Pictures are not part of the copy. Set down exactly the lines from the one containing "Some of the words" through the last line of the material below.

--- Records Enclosed Below ---

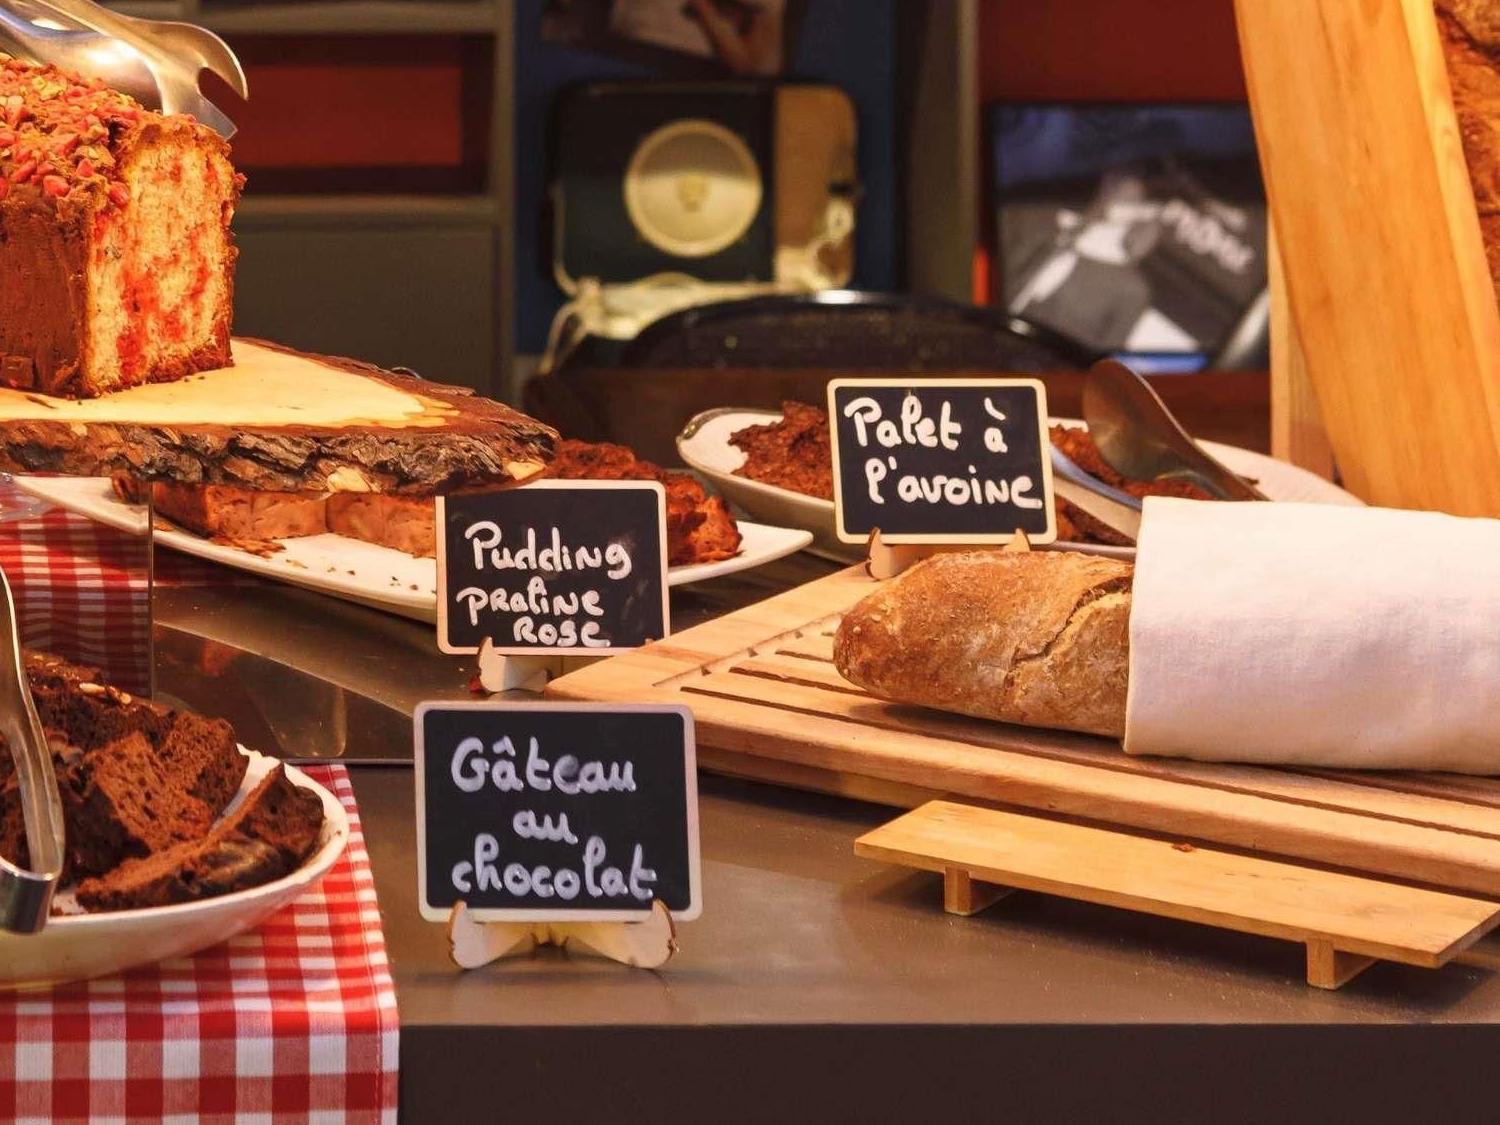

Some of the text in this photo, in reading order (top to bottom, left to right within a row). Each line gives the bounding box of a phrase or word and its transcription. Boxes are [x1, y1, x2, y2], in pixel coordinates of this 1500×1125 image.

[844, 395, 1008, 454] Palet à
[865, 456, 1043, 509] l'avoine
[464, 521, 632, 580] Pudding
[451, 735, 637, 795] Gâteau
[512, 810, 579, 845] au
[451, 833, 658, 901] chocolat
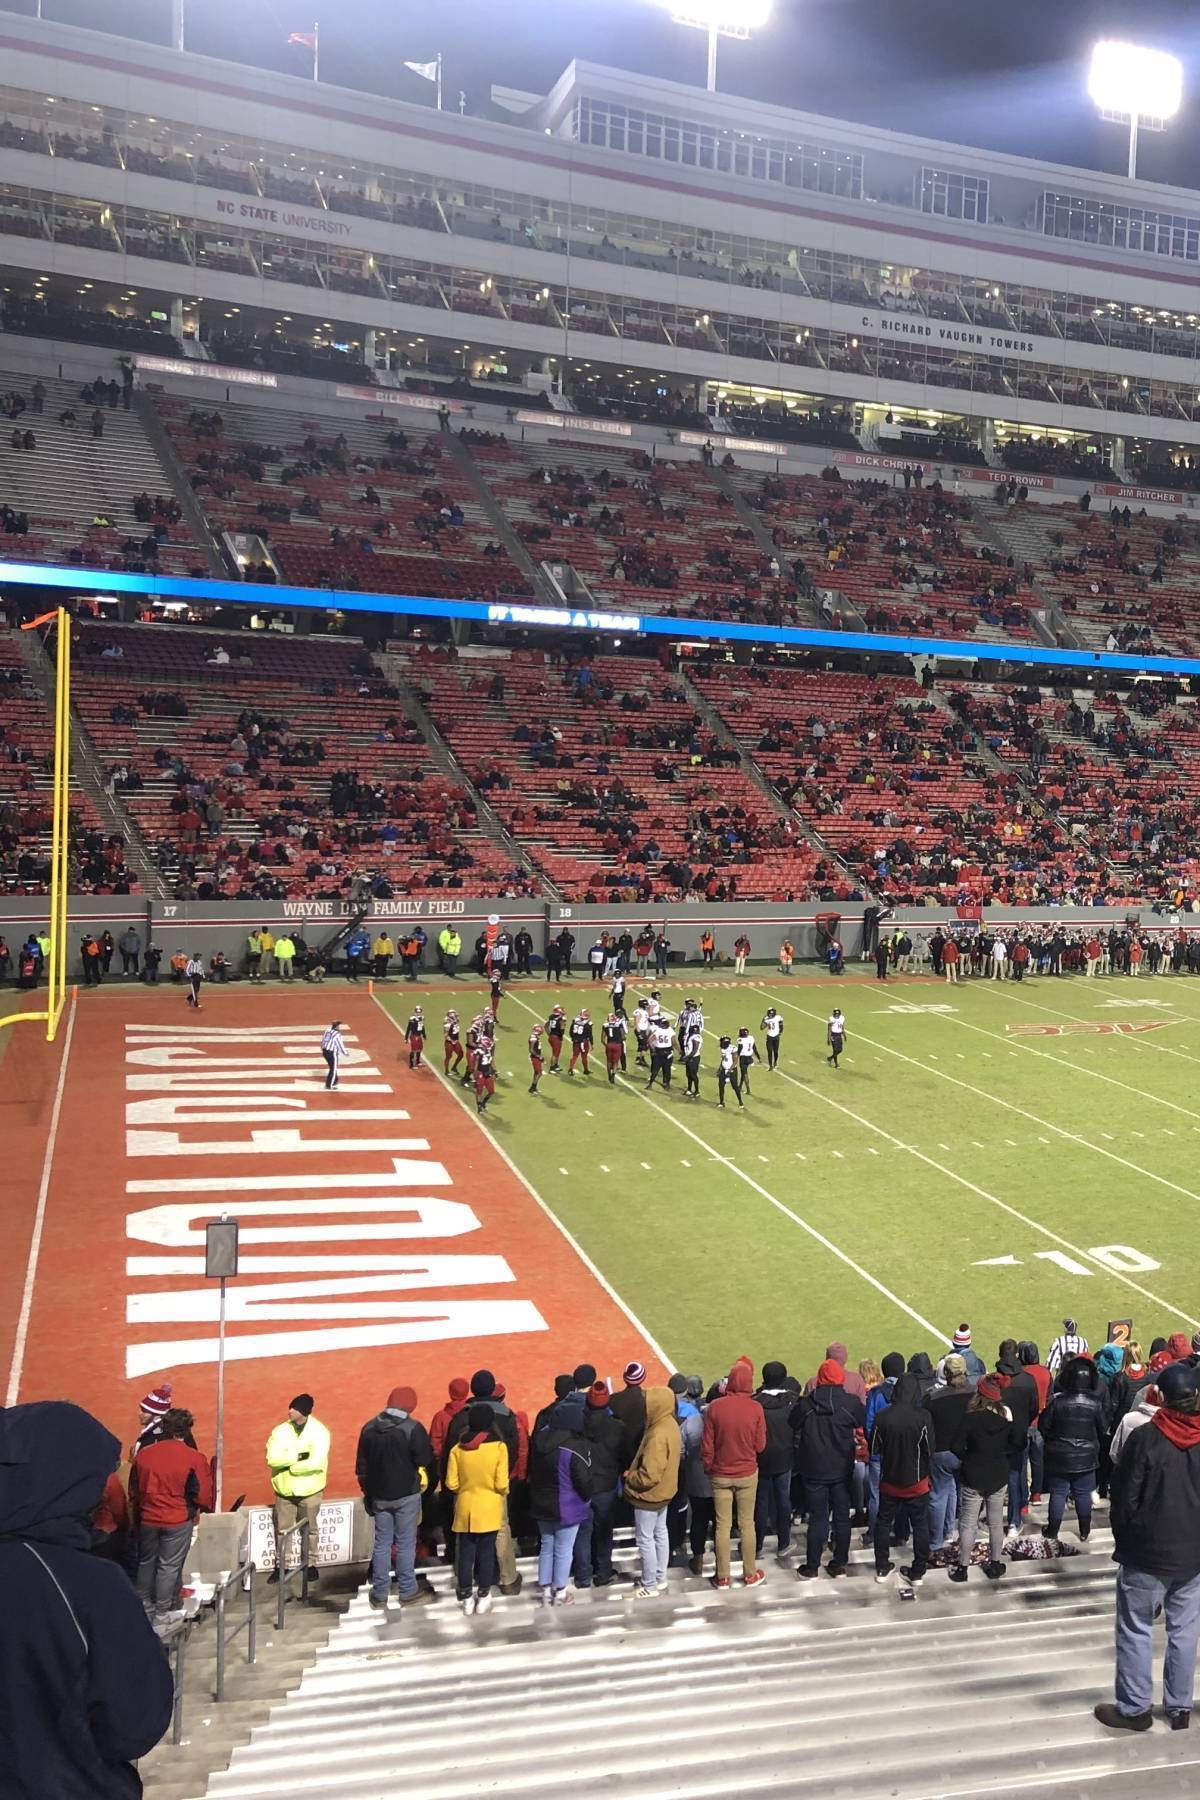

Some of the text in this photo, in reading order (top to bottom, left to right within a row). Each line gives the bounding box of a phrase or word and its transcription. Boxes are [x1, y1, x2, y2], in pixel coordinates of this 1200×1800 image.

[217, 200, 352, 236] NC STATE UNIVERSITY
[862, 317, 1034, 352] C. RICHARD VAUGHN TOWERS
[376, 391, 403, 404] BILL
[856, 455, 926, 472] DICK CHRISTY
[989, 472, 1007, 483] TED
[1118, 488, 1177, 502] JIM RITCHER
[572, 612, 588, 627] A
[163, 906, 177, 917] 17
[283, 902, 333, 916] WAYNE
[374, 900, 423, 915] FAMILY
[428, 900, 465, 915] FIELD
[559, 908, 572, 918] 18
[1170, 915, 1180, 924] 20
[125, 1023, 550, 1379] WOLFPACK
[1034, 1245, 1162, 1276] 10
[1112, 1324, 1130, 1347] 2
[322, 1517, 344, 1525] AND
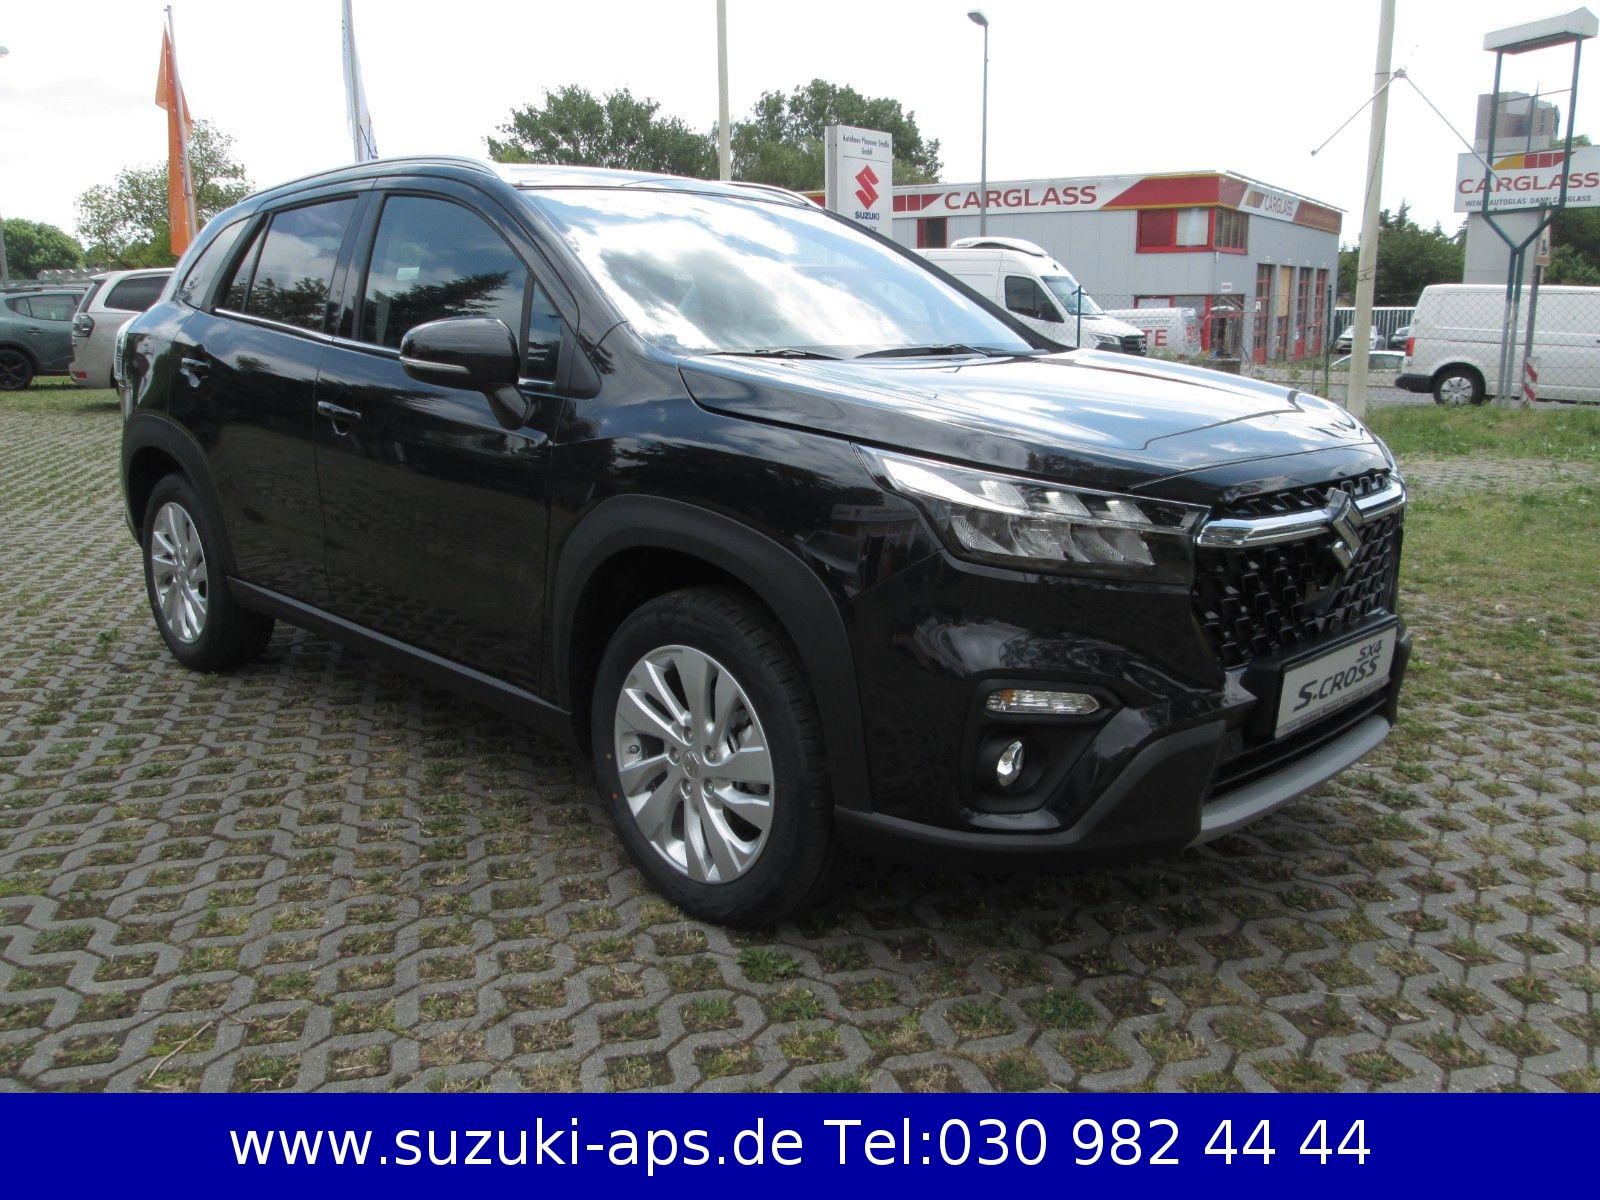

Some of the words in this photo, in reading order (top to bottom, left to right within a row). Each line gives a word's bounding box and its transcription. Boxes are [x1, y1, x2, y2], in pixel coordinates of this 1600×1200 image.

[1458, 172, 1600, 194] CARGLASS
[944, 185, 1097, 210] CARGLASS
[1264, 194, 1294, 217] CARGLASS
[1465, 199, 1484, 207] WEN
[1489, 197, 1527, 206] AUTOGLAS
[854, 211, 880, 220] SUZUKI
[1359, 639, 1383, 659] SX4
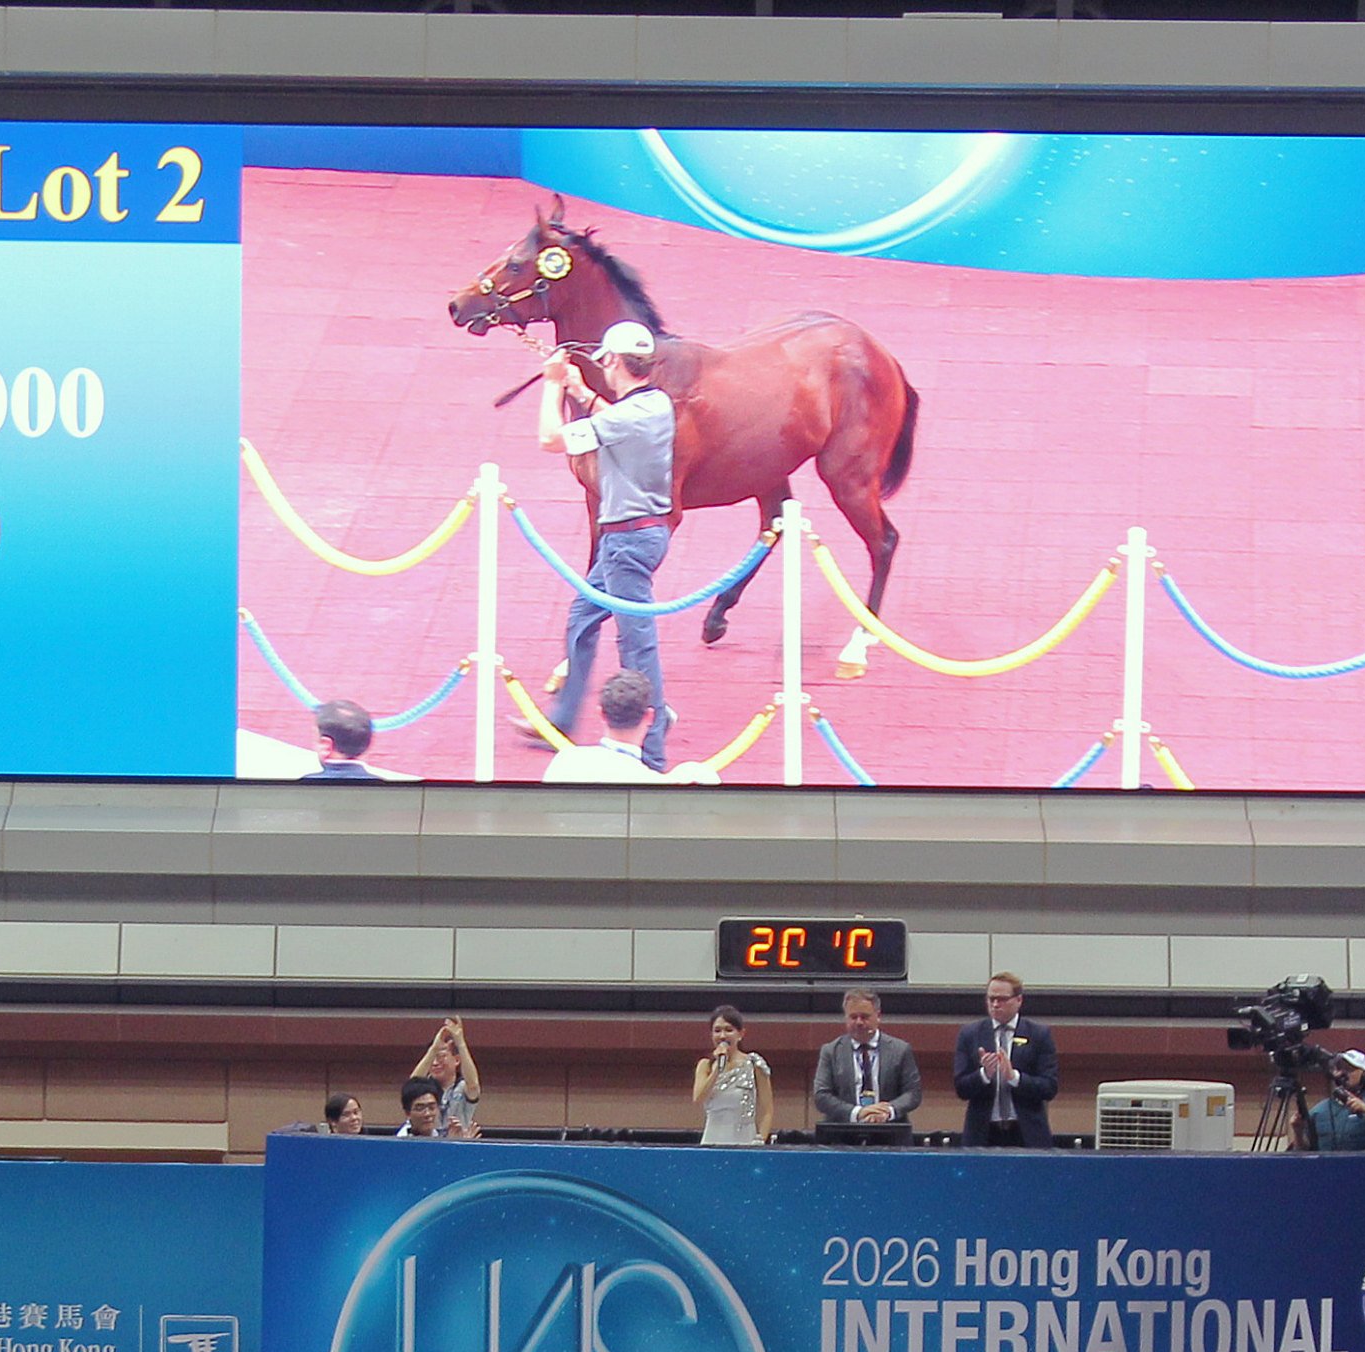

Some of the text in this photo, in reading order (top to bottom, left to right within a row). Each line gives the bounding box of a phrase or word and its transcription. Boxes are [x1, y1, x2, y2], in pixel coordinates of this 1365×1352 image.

--- End of Enclosed Records ---

_Answer to the exercise_
Some of the words in this photo, in reading order (top to bottom, left to right within a row). Each line gives a word's bounding box and its transcription. Boxes are [x1, y1, x2, y2], in pixel coordinates of this 1600×1200 image.

[1458, 172, 1600, 194] CARGLASS
[944, 185, 1097, 210] CARGLASS
[1264, 194, 1294, 217] CARGLASS
[1465, 199, 1484, 207] WEN
[1489, 197, 1527, 206] AUTOGLAS
[854, 211, 880, 220] SUZUKI
[1359, 639, 1383, 659] SX4

Some of the text in this photo, in reading order (top to bottom, left to right within a row). Each line gives the bounding box of a phrase or word and its transcription. Boxes are [x1, y1, x2, y2], in pixel coordinates of this 1365×1352 image.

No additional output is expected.